WHAT TO DO
The entries need to be copied exactly.

** Opening DATA TO PROCESS block **

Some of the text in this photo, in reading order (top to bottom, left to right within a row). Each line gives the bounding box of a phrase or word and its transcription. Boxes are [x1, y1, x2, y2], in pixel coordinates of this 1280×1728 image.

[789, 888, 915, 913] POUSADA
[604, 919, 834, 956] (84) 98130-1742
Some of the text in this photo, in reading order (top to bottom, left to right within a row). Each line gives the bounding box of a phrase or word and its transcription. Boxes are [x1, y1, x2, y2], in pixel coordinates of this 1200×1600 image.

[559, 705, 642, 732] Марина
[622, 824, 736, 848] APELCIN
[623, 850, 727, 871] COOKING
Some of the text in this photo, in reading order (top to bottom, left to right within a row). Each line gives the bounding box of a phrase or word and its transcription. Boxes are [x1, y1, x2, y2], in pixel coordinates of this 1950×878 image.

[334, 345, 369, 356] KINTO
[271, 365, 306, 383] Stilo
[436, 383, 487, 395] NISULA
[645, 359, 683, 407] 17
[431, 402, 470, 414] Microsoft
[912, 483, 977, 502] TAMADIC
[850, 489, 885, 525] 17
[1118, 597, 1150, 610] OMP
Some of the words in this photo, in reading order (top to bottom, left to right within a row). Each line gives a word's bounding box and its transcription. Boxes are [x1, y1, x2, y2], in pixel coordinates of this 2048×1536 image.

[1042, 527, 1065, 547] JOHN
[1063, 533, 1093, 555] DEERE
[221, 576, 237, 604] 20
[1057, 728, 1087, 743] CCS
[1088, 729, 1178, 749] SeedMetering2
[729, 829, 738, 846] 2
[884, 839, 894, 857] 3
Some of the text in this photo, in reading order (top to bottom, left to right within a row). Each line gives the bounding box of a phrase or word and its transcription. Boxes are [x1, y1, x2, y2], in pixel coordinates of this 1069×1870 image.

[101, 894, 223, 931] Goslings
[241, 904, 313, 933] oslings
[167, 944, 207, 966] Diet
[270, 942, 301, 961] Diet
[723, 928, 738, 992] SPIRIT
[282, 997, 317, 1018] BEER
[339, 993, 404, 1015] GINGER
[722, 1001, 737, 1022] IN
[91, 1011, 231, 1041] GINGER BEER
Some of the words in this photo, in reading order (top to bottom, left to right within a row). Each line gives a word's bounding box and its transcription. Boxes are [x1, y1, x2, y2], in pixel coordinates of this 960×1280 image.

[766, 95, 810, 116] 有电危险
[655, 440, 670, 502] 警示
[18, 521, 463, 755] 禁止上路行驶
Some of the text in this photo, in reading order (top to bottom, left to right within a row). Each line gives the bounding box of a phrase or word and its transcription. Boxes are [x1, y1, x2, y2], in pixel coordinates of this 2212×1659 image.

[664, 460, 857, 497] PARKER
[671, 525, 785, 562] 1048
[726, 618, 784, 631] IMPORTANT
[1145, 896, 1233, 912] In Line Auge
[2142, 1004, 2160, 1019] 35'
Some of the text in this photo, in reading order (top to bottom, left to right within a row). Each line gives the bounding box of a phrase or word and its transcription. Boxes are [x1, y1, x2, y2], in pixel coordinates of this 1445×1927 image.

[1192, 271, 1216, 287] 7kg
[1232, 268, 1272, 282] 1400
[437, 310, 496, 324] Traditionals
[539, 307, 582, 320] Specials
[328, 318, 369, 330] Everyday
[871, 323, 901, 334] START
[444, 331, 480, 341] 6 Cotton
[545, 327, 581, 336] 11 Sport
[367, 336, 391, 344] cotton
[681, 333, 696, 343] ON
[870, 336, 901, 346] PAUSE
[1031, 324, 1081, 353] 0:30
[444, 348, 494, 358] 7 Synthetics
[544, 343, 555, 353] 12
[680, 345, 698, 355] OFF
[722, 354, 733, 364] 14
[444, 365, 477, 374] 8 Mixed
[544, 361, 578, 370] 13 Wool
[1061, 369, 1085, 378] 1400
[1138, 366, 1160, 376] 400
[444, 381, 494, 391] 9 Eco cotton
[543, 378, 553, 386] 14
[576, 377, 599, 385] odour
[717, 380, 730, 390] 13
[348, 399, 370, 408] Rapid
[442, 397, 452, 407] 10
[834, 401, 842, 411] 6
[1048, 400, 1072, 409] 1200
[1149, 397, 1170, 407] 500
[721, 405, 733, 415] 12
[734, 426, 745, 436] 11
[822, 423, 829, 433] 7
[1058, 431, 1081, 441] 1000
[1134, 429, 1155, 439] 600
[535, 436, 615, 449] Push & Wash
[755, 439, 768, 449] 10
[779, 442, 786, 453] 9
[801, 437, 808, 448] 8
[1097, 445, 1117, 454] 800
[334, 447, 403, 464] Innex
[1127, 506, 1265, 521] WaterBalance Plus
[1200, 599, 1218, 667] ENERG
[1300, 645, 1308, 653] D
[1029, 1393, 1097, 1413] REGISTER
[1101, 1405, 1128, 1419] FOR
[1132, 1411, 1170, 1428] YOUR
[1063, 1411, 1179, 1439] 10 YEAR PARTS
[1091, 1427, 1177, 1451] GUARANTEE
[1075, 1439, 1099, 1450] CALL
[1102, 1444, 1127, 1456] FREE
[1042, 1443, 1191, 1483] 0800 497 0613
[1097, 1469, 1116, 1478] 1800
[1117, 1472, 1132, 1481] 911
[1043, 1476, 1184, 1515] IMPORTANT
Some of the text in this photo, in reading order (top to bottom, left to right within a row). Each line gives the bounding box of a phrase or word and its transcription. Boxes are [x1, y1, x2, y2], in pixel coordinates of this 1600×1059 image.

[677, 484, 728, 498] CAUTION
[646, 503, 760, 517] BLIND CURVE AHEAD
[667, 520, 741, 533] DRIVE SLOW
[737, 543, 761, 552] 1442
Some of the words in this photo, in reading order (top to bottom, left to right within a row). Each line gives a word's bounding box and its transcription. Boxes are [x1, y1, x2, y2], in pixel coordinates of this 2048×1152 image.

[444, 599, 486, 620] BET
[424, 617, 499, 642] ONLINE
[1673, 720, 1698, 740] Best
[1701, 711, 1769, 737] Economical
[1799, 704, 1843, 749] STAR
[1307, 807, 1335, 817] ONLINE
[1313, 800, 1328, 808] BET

** Closing DATA TO PROCESS block **

OUTPUT OF THE TASK
Some of the text in this photo, in reading order (top to bottom, left to right within a row). Each line gives the bounding box of a phrase or word and its transcription. Boxes are [x1, y1, x2, y2], in pixel coordinates of this 1280×1728 image.

[789, 888, 915, 913] POUSADA
[604, 919, 834, 956] (84) 98130-1742
Some of the text in this photo, in reading order (top to bottom, left to right within a row). Each line gives the bounding box of a phrase or word and its transcription. Boxes are [x1, y1, x2, y2], in pixel coordinates of this 1200×1600 image.

[559, 705, 642, 732] Марина
[622, 824, 736, 848] APELCIN
[623, 850, 727, 871] COOKING
Some of the text in this photo, in reading order (top to bottom, left to right within a row). Each line gives the bounding box of a phrase or word and its transcription. Boxes are [x1, y1, x2, y2], in pixel coordinates of this 1950×878 image.

[334, 345, 369, 356] KINTO
[271, 365, 306, 383] Stilo
[436, 383, 487, 395] NISULA
[645, 359, 683, 407] 17
[431, 402, 470, 414] Microsoft
[912, 483, 977, 502] TAMADIC
[850, 489, 885, 525] 17
[1118, 597, 1150, 610] OMP
Some of the words in this photo, in reading order (top to bottom, left to right within a row). Each line gives a word's bounding box and its transcription. Boxes are [x1, y1, x2, y2], in pixel coordinates of this 2048×1536 image.

[1042, 527, 1065, 547] JOHN
[1063, 533, 1093, 555] DEERE
[221, 576, 237, 604] 20
[1057, 728, 1087, 743] CCS
[1088, 729, 1178, 749] SeedMetering2
[729, 829, 738, 846] 2
[884, 839, 894, 857] 3
Some of the text in this photo, in reading order (top to bottom, left to right within a row). Each line gives the bounding box of a phrase or word and its transcription. Boxes are [x1, y1, x2, y2], in pixel coordinates of this 1069×1870 image.

[101, 894, 223, 931] Goslings
[241, 904, 313, 933] oslings
[167, 944, 207, 966] Diet
[270, 942, 301, 961] Diet
[723, 928, 738, 992] SPIRIT
[282, 997, 317, 1018] BEER
[339, 993, 404, 1015] GINGER
[722, 1001, 737, 1022] IN
[91, 1011, 231, 1041] GINGER BEER
Some of the words in this photo, in reading order (top to bottom, left to right within a row). Each line gives a word's bounding box and its transcription. Boxes are [x1, y1, x2, y2], in pixel coordinates of this 960×1280 image.

[766, 95, 810, 116] 有电危险
[655, 440, 670, 502] 警示
[18, 521, 463, 755] 禁止上路行驶
Some of the text in this photo, in reading order (top to bottom, left to right within a row). Each line gives the bounding box of a phrase or word and its transcription. Boxes are [x1, y1, x2, y2], in pixel coordinates of this 2212×1659 image.

[664, 460, 857, 497] PARKER
[671, 525, 785, 562] 1048
[726, 618, 784, 631] IMPORTANT
[1145, 896, 1233, 912] In Line Auge
[2142, 1004, 2160, 1019] 35'
Some of the text in this photo, in reading order (top to bottom, left to right within a row). Each line gives the bounding box of a phrase or word and its transcription. Boxes are [x1, y1, x2, y2], in pixel coordinates of this 1445×1927 image.

[1192, 271, 1216, 287] 7kg
[1232, 268, 1272, 282] 1400
[437, 310, 496, 324] Traditionals
[539, 307, 582, 320] Specials
[328, 318, 369, 330] Everyday
[871, 323, 901, 334] START
[444, 331, 480, 341] 6 Cotton
[545, 327, 581, 336] 11 Sport
[367, 336, 391, 344] cotton
[681, 333, 696, 343] ON
[870, 336, 901, 346] PAUSE
[1031, 324, 1081, 353] 0:30
[444, 348, 494, 358] 7 Synthetics
[544, 343, 555, 353] 12
[680, 345, 698, 355] OFF
[722, 354, 733, 364] 14
[444, 365, 477, 374] 8 Mixed
[544, 361, 578, 370] 13 Wool
[1061, 369, 1085, 378] 1400
[1138, 366, 1160, 376] 400
[444, 381, 494, 391] 9 Eco cotton
[543, 378, 553, 386] 14
[576, 377, 599, 385] odour
[717, 380, 730, 390] 13
[348, 399, 370, 408] Rapid
[442, 397, 452, 407] 10
[834, 401, 842, 411] 6
[1048, 400, 1072, 409] 1200
[1149, 397, 1170, 407] 500
[721, 405, 733, 415] 12
[734, 426, 745, 436] 11
[822, 423, 829, 433] 7
[1058, 431, 1081, 441] 1000
[1134, 429, 1155, 439] 600
[535, 436, 615, 449] Push & Wash
[755, 439, 768, 449] 10
[779, 442, 786, 453] 9
[801, 437, 808, 448] 8
[1097, 445, 1117, 454] 800
[334, 447, 403, 464] Innex
[1127, 506, 1265, 521] WaterBalance Plus
[1200, 599, 1218, 667] ENERG
[1300, 645, 1308, 653] D
[1029, 1393, 1097, 1413] REGISTER
[1101, 1405, 1128, 1419] FOR
[1132, 1411, 1170, 1428] YOUR
[1063, 1411, 1179, 1439] 10 YEAR PARTS
[1091, 1427, 1177, 1451] GUARANTEE
[1075, 1439, 1099, 1450] CALL
[1102, 1444, 1127, 1456] FREE
[1042, 1443, 1191, 1483] 0800 497 0613
[1097, 1469, 1116, 1478] 1800
[1117, 1472, 1132, 1481] 911
[1043, 1476, 1184, 1515] IMPORTANT
Some of the text in this photo, in reading order (top to bottom, left to right within a row). Each line gives the bounding box of a phrase or word and its transcription. Boxes are [x1, y1, x2, y2], in pixel coordinates of this 1600×1059 image.

[677, 484, 728, 498] CAUTION
[646, 503, 760, 517] BLIND CURVE AHEAD
[667, 520, 741, 533] DRIVE SLOW
[737, 543, 761, 552] 1442
Some of the words in this photo, in reading order (top to bottom, left to right within a row). Each line gives a word's bounding box and its transcription. Boxes are [x1, y1, x2, y2], in pixel coordinates of this 2048×1152 image.

[444, 599, 486, 620] BET
[424, 617, 499, 642] ONLINE
[1673, 720, 1698, 740] Best
[1701, 711, 1769, 737] Economical
[1799, 704, 1843, 749] STAR
[1307, 807, 1335, 817] ONLINE
[1313, 800, 1328, 808] BET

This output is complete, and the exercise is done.